## [Records drawn from a dataset]
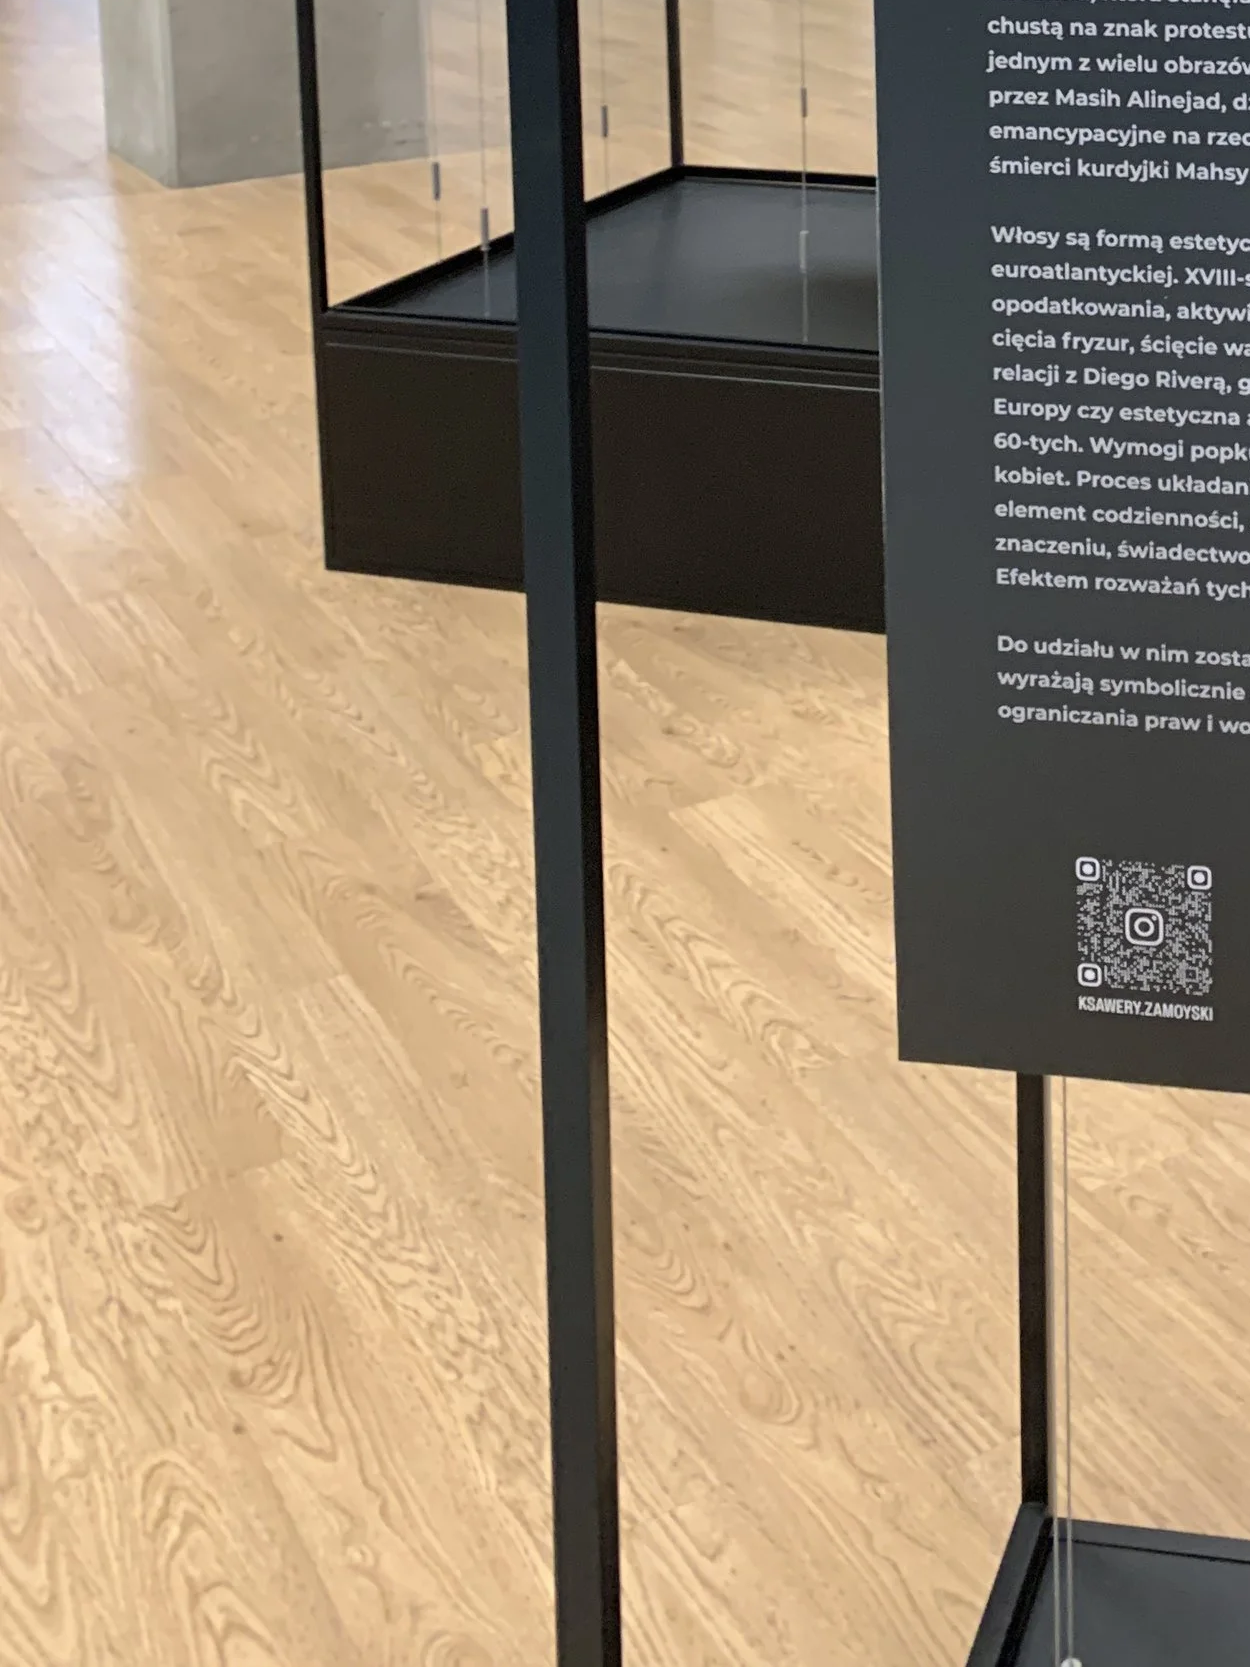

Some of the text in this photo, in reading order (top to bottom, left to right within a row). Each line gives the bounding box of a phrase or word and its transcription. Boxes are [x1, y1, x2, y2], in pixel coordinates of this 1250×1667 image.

[985, 49, 1073, 75] jednym
[1078, 56, 1092, 72] z
[1095, 52, 1158, 74] wielu
[988, 89, 1050, 109] przez
[1055, 87, 1121, 108] Masih
[1126, 88, 1228, 114] Alinejad,
[989, 155, 1071, 176] śmierci
[1077, 157, 1170, 183] kurdyjki
[1175, 161, 1250, 186] Mahsy
[990, 225, 1061, 250] Włosy
[1065, 231, 1091, 252] są
[1095, 228, 1164, 254] formą
[990, 261, 1180, 289] euroatlantyckiej.
[993, 397, 1072, 422] Europy
[1076, 405, 1115, 424] czy
[1118, 405, 1241, 428] estetyczna
[994, 464, 1071, 487] kobiet.
[1076, 469, 1153, 491] Proces
[996, 670, 1094, 696] wyrażają
[1099, 677, 1246, 701] symbolicznie
[997, 704, 1139, 728] ograniczania
[1144, 714, 1202, 732] praw
[1206, 713, 1214, 733] i
[1077, 994, 1215, 1022] KSAWERY.ZAMOYSKI

## [What needs to be done]
Please output the records exactly, leaving the pictures out.

## [Answer]
Some of the text in this photo, in reading order (top to bottom, left to right within a row). Each line gives the bounding box of a phrase or word and its transcription. Boxes are [x1, y1, x2, y2], in pixel coordinates of this 1250×1667 image.

[985, 49, 1073, 75] jednym
[1078, 56, 1092, 72] z
[1095, 52, 1158, 74] wielu
[988, 89, 1050, 109] przez
[1055, 87, 1121, 108] Masih
[1126, 88, 1228, 114] Alinejad,
[989, 155, 1071, 176] śmierci
[1077, 157, 1170, 183] kurdyjki
[1175, 161, 1250, 186] Mahsy
[990, 225, 1061, 250] Włosy
[1065, 231, 1091, 252] są
[1095, 228, 1164, 254] formą
[990, 261, 1180, 289] euroatlantyckiej.
[993, 397, 1072, 422] Europy
[1076, 405, 1115, 424] czy
[1118, 405, 1241, 428] estetyczna
[994, 464, 1071, 487] kobiet.
[1076, 469, 1153, 491] Proces
[996, 670, 1094, 696] wyrażają
[1099, 677, 1246, 701] symbolicznie
[997, 704, 1139, 728] ograniczania
[1144, 714, 1202, 732] praw
[1206, 713, 1214, 733] i
[1077, 994, 1215, 1022] KSAWERY.ZAMOYSKI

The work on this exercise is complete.